Erdal Küçükşehir

Erdal Küçükşehir

Kur mu Faiz mi?

Bu yazımda Merkez Bankası Başkanı Sayın Naci Ağbal’ın görevden alınması ve yerine Sayın Şahap Kavcıoğlu’nun görevlendirilmesi ile sonuçlanan süreci ve sonrasında geçen 2 ayın kısa analizini yapmaya, bu süre zarfında zaten pandemi nedeniyle iyice örselenmiş olan piyasaların ve reel sektör oyuncularının yaşananları nasıl algıladığına bakmaya çalışacağız;

Beklentilerin aksine Merkez Banka’mız Mart ayı toplantısında politika faizlerini 2 puan birden artırdı. Bu artırım piyasa beklentilerinin üzerinde olsa dahi enflasyon beklentileri ile uyumlu olarak gerçekleştirilmiş, böylece en azından kur cephesinde 7 ve 7’nin altı rakamları görmüştük. Bunu yüksek faizi cazip bulup gelen sıcak paraya borçlu olsak da kısa vadede döviz ihtiyacımız açısından kabullenmek durumunda kaldık.

Piyasada herkesin bildiği ama konuşmadığı eksi rezervler konusu bu süreçten sonraki dönemde zaten iktidarla muhalefet arasında tartışma konusu haline getirildi. Ocak - Mart döneminde Merkez Bankası Başkanı’nın söylemleri ve eylemleri arasındaki uyumu gören yabancılar 15 milyar dolardan fazla sıcak parayı tahvil bono piyasalarına getirdiler. Bu durum bize ne kazandırdı ne kaybettirdi görebilme fırsatımız olmadı. Çünkü Merkez Bankası Başkanı görevden alındı.

Görevden alma sonrasında 4 ayda zar zor tesis ettiğimiz güven mekanizması yok oldu. Görevden alınan başkanın yerine atanan yeni başkanın faize serbest piyasalara enflasyona olan bakışını köşe yazılarından takip eden piyasalar yeni başkandan kendi iddiasını yerine getirmesini bekledi ve faizin ineceği beklentisini satın almaya başladı. Kur cephesinde birkaç aylık kazanımlar birkaç günde kaybedilince yeni başkan faizleri indirmeyeceğine dair birçok açıklama yapmak durumunda kaldı.

faiz_kur.jpg

Aradan 2 ay geçti faizler düşmediği gibi kurlarda çıktı ve sonuç itibarı ile yüksek faiz yüksek kur ve büyük ihtimalle yüksek enflasyon sorunumuz oldu. Bazen soranlar oluyor kur mu faiz mi diye? Belki anlamamakta ısrar etmemizin sonuçlarını ödemekteyiz. Çünkü bu soru anlamsız. Kuru serbest bırakırsanız bizim üretim modelimizde bunun enflasyonu etkilemesi kaçınılmaz ve hemen arkasından faizleri yükseltmek zorunda kalıyorsunuz. Kuru baskılamak için faizi artırırsanız ekonomi duruyor bu sefer enflasyonda iyileşme sağlıyorsunuz ama büyüme istihdam işsizlik gibi bambaşka sorunlar ortaya çıkıyor. Faizi düşürme yöntemini de geçmişte birkaç kez denedik fakat bu yöntem ülkeye ne yatırım ne istihdam getirmedi. Kısa vadede günü kurtarırken orta vadede cari açığa sebep olarak sorunların tekrar başa dönmesine sebep oldu.

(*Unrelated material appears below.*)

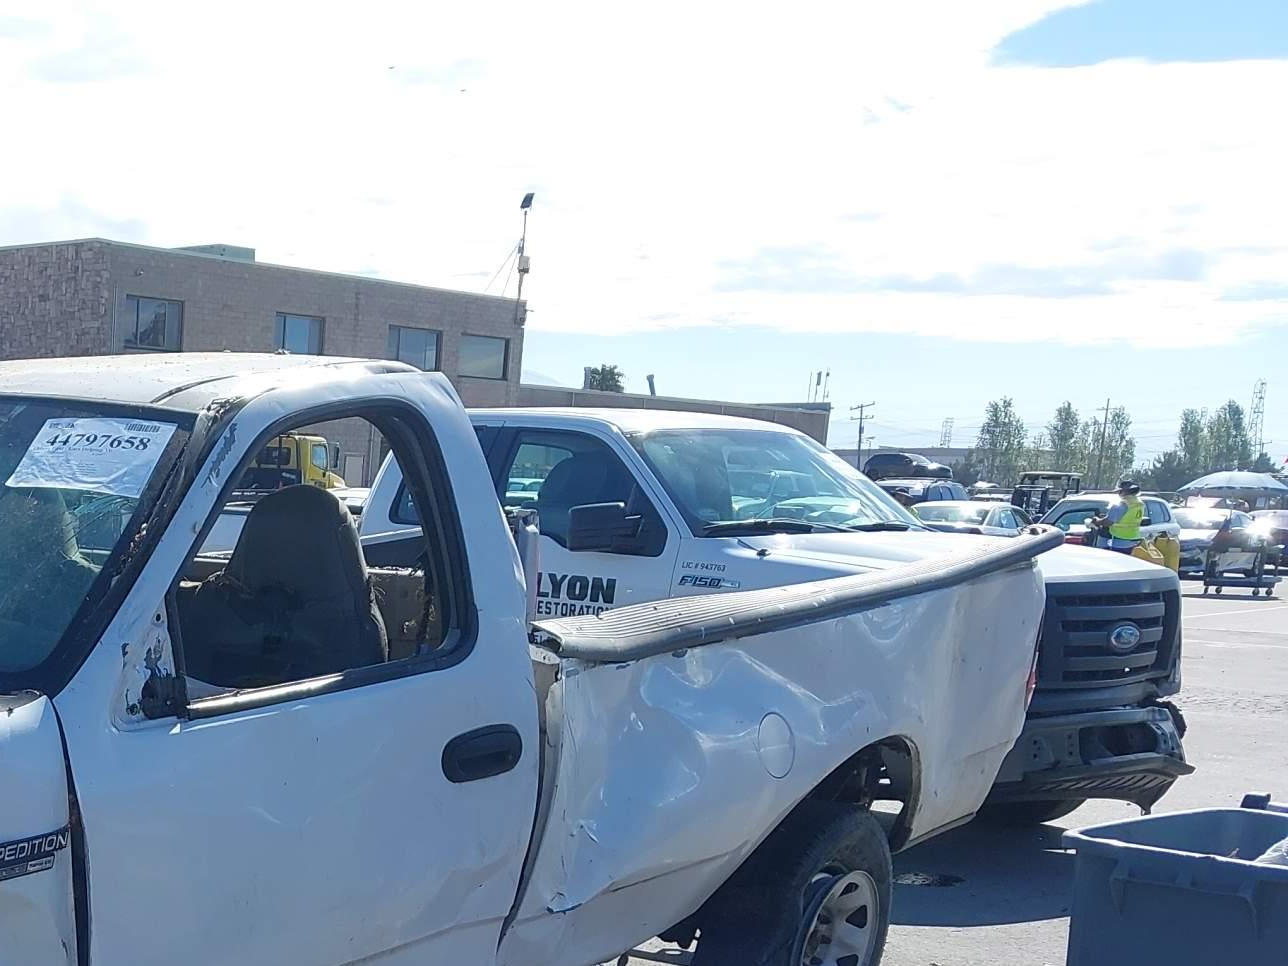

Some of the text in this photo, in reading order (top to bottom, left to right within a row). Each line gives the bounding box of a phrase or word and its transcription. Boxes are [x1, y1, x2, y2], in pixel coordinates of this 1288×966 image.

[46, 433, 151, 451] 44797658
[681, 561, 693, 569] LIC
[536, 571, 617, 604] LYON

Önümüzdeki döneme baktığımızda piyasa en azından Haziran ayında faizlerde bir düşüş beklentisinde. Ancak enflasyon ne olur orası muamma? Çünkü yıllardır sadece bizim sorunumuz olan enflasyon artık küresel manada bir sorun haline dönüşme sürecine girdi. Pandemi sürecinde öyle çok para basıldı ve dağıtıldı ki bu para bolluğu emtiada, gıdada, lojistikte, enerjide ve diğer birçok alanda fiyat artışlarına sebep oluyor. En basit olarak kendi çalıştığım sektörde hammadde fiyatları dolar bazında 2020 Nisan ayına göre % 110 artmış durumda. Yanlış okumuyorsunuz geçen sene 1 birimken şu an 2.1 birim.

Birçok defa yazdım çizdim. Ülkemizin bu faiz kur enflasyon çelişkisinden kurtulabilmesi üretim gücüne ve kurumlarına olan güvene bağlı. Bu temel çıpaların dışında izlenen kısa vadeli politikaların temel ekonomik göstergelerimize hiçbir katkısı olmamaktadır.